EXERCISE REQUIREMENTS => Please copy the entries below word for word, leaving out any image.

RECORDS FOR THIS EXERCISE =>
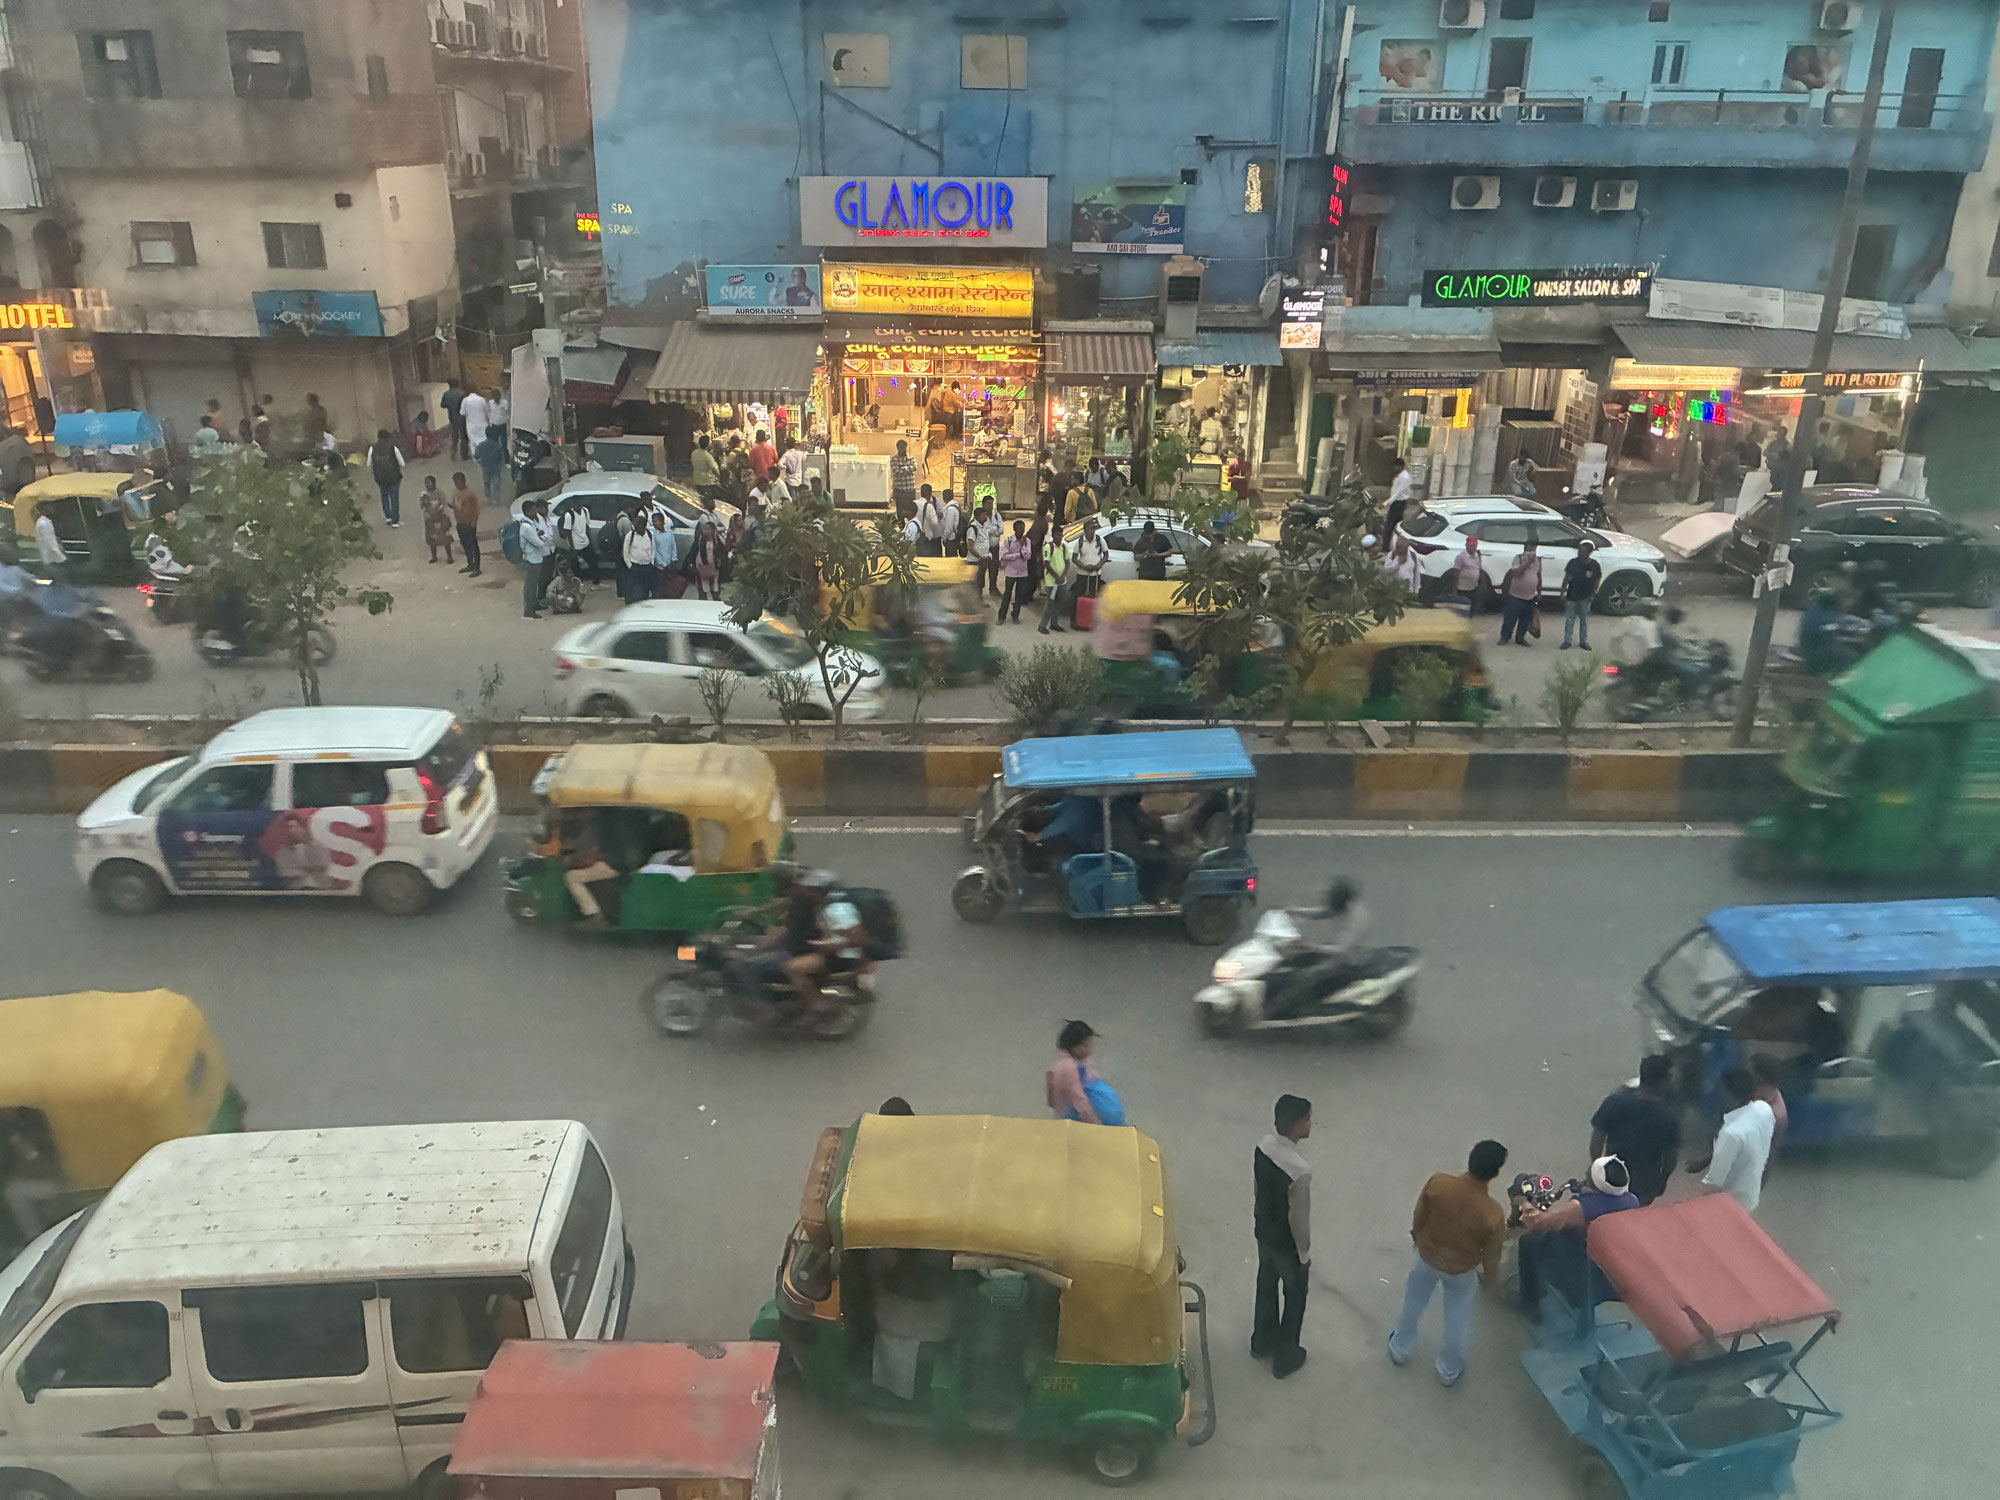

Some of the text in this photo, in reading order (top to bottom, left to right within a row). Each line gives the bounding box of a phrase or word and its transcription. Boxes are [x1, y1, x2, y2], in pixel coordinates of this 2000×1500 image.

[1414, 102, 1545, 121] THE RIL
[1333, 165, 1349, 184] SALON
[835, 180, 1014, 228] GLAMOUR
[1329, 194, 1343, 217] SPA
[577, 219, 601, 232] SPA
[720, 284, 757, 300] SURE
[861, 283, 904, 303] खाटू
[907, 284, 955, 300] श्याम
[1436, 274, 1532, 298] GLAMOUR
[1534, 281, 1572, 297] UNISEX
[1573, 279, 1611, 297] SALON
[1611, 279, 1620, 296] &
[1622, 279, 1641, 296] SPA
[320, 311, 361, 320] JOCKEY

SOLUTION BELOW =>
Some of the text in this photo, in reading order (top to bottom, left to right within a row). Each line gives the bounding box of a phrase or word and its transcription. Boxes are [x1, y1, x2, y2], in pixel coordinates of this 2000×1500 image.

[1414, 102, 1545, 121] THE RIL
[1333, 165, 1349, 184] SALON
[835, 180, 1014, 228] GLAMOUR
[1329, 194, 1343, 217] SPA
[577, 219, 601, 232] SPA
[720, 284, 757, 300] SURE
[861, 283, 904, 303] खाटू
[907, 284, 955, 300] श्याम
[1436, 274, 1532, 298] GLAMOUR
[1534, 281, 1572, 297] UNISEX
[1573, 279, 1611, 297] SALON
[1611, 279, 1620, 296] &
[1622, 279, 1641, 296] SPA
[320, 311, 361, 320] JOCKEY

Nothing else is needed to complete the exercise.